Zhu Ruoqing, Zhao Qing, Zhao Hongyu, Ma Shuangge
Department of Statistics, University of Illinois at Urbana-Champaign, Champaign, IL, USA.
Department of Biostatistics, Yale University, New Haven, CT, USA.
Biostatistics. 2016 Oct;17(4):605-18. doi: 10.1093/biostatistics/kxw010. Epub 2016 Mar 14.
In multidimensional cancer omics studies, one subject is profiled on multiple layers of omics activities. In this article, the goal is to integrate multiple types of omics measurements, identify markers, and build a model for cancer outcome. The proposed analysis is achieved in two steps. In the first step, we analyze the regulation among different types of omics measurements, through the construction of linear regulatory modules (LRMs). The LRMs have sound biological basis, and their construction differs from the existing analyses by modeling the regulation of sets of gene expressions (GEs) by sets of regulators. The construction is realized with the assistance of regularized singular value decomposition. In the second step, the proposed cancer outcome model includes the regulated GEs, "residuals" of GEs, and "residuals" of regulators, and we use regularized estimation to select relevant markers. Simulation shows that the proposed method outperforms the alternatives with more accurate marker identification. We analyze the The Cancer Genome Atlas data on cutaneous melanoma and lung adenocarcinoma and obtain meaningful results.

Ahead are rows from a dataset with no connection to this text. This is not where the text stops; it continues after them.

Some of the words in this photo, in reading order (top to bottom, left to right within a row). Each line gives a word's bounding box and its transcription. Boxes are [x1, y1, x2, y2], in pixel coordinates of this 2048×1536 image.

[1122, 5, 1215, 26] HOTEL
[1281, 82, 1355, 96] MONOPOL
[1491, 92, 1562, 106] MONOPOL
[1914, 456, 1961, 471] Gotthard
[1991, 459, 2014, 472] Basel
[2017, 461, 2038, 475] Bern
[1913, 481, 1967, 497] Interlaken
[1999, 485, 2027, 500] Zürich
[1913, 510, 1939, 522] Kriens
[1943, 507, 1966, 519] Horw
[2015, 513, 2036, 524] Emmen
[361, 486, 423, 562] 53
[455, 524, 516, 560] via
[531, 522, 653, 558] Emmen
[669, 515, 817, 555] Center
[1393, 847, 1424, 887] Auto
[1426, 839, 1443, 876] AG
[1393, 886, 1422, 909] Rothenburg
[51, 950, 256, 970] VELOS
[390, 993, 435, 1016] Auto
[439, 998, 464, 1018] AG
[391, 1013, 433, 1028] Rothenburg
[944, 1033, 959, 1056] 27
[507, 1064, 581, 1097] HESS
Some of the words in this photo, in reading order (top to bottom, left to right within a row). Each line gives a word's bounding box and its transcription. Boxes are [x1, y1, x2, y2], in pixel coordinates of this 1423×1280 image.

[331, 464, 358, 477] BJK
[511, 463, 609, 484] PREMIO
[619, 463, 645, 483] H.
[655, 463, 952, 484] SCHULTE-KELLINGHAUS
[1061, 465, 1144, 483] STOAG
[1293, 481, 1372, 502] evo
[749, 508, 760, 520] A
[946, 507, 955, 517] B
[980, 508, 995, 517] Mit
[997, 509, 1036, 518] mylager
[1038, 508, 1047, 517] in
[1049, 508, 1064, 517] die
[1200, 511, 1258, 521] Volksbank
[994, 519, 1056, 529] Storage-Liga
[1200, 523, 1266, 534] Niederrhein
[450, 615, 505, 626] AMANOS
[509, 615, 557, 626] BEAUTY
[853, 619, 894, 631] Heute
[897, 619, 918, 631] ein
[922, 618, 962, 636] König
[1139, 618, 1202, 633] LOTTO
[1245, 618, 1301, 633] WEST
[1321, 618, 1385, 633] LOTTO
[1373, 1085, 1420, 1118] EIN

在多维癌症组学研究中,一个研究对象会在多层组学活动中进行剖析。在本文中,目标是整合多种类型的组学测量数据,识别标志物,并构建一个用于预测癌症预后的模型。所提出的分析分两步进行。第一步,我们通过构建线性调控模块(LRM)来分析不同类型组学测量之间的调控关系。LRM具有坚实的生物学基础,其构建与现有分析不同之处在于,它通过调节因子集对基因表达集(GE)进行建模。该构建借助正则化奇异值分解得以实现。第二步,所提出的癌症预后模型包括受调控的GE、GE的“残差”以及调节因子的“残差”,并且我们使用正则化估计来选择相关标志物。模拟结果表明,所提出的方法在标志物识别方面比其他方法更准确,性能更优。我们分析了来自癌症基因组图谱(The Cancer Genome Atlas)的皮肤黑色素瘤和肺腺癌数据,并获得了有意义的结果。